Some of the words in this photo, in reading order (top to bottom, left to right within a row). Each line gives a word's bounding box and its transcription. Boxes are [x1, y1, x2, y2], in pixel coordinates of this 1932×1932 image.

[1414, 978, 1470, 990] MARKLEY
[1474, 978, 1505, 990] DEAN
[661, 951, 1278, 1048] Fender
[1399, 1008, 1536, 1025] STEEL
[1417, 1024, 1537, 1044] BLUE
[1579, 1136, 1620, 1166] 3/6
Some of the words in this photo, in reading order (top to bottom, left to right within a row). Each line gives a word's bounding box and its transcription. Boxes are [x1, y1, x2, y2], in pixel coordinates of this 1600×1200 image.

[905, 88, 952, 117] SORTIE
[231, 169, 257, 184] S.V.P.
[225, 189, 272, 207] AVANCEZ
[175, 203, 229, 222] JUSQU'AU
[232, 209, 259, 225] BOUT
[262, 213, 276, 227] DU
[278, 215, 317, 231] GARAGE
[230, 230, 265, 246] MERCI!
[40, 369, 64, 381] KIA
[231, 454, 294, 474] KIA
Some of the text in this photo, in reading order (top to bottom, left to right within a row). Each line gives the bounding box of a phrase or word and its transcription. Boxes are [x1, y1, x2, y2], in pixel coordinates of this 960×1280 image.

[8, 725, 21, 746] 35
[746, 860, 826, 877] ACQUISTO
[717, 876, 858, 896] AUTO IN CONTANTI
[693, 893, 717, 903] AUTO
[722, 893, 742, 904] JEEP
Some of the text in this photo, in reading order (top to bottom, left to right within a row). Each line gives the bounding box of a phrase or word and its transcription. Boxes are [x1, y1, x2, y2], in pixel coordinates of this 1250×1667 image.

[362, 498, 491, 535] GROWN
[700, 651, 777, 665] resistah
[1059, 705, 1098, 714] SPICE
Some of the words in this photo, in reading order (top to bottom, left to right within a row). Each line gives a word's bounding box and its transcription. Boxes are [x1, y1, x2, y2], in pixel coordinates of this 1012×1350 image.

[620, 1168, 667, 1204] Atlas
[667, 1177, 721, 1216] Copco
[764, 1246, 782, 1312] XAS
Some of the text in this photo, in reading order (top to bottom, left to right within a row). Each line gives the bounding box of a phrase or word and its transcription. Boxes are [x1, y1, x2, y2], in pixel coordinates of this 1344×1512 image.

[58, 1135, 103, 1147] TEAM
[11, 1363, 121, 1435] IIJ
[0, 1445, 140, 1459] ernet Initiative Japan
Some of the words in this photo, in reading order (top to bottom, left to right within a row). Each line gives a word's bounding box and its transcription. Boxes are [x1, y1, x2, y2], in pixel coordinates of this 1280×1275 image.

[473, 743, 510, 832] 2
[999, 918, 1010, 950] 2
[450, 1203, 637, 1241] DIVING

---*---

Exercise directions: Please quote nothing but the lines from the line with "this 1280×1275 image." through the end of the data above, exactly as written, ends included.

Output of the exercise:
Some of the words in this photo, in reading order (top to bottom, left to right within a row). Each line gives a word's bounding box and its transcription. Boxes are [x1, y1, x2, y2], in pixel coordinates of this 1280×1275 image.

[473, 743, 510, 832] 2
[999, 918, 1010, 950] 2
[450, 1203, 637, 1241] DIVING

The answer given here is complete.